Kebijakan ini diambil menyusul peningkatan volume kendaraan yang signifikan dari arah timur menuju Jakarta. Dengan dibukanya one-way tahap kedua ini, diharapkan penumpukan kendaraan di titik-titik krusial dapat segera terurai.
Sementara, Kakorlantas Polri Irjen Agus Suryonugroho menyebut bahwa kebijakan ini merupakan bagian dari manajemen prioritas untuk melayani pemudik yang kembali dari wilayah Jawa Tengah dan Jawa Timur.
“Tadi baru saja Pak Menhub langsung mengendalikan untuk membuka one way arus balik tahap dua presisi ya, yang tadi pagi, terus pagi ini tahap kedua di kilometer 263,” ujar Agus.
Ia menambahkan bahwa fokus utama petugas saat ini adalah menyeimbangkan arus dari berbagai titik masuk menuju Ibu Kota.

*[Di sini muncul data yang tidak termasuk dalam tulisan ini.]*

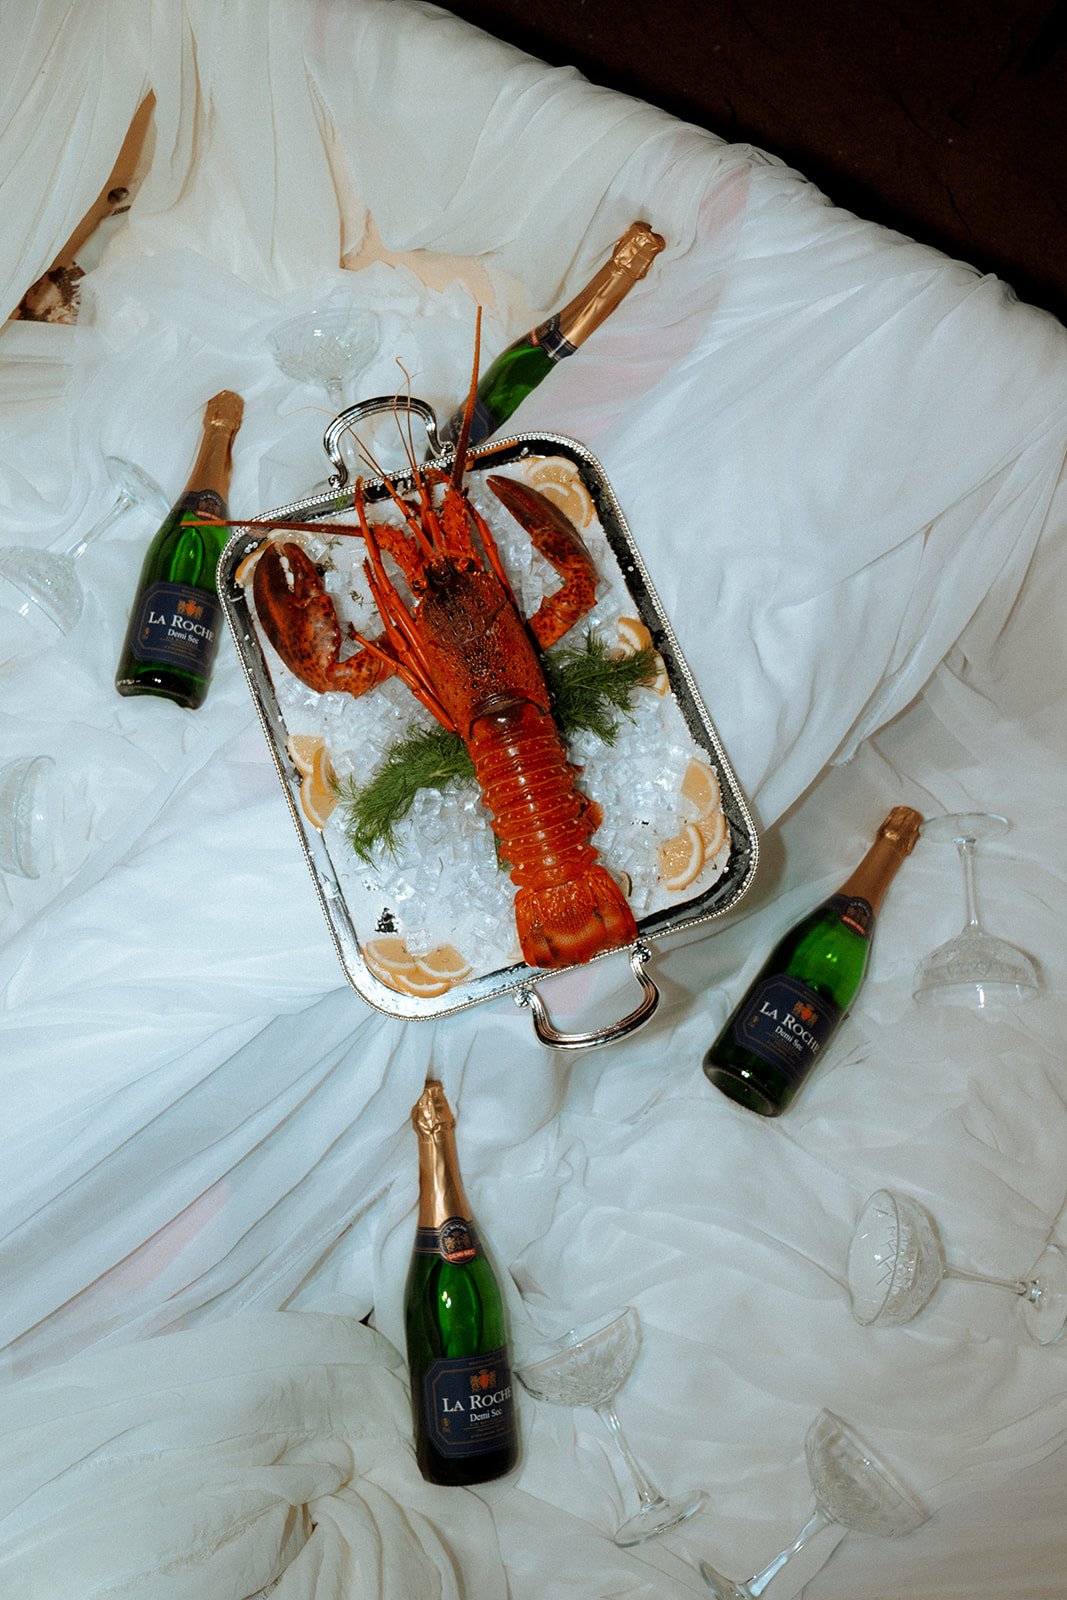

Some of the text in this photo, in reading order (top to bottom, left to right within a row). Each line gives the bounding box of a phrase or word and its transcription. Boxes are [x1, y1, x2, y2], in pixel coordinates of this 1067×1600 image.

“Tentunya ini kaitannya dengan tata kelola manajemen lalu lintas untuk memprioritaskan arus balik yang datangnya dari Trans Jawa, khususnya Semarang Raya, Solo, Jogja, dan Jawa Timur. Pada saat yang sama kami memonitor arus balik dari Jawa Barat, termasuk juga dari Trans Sumatra yang melalui Bakauheni, Merak, sampai Cikupa,” kata Agus.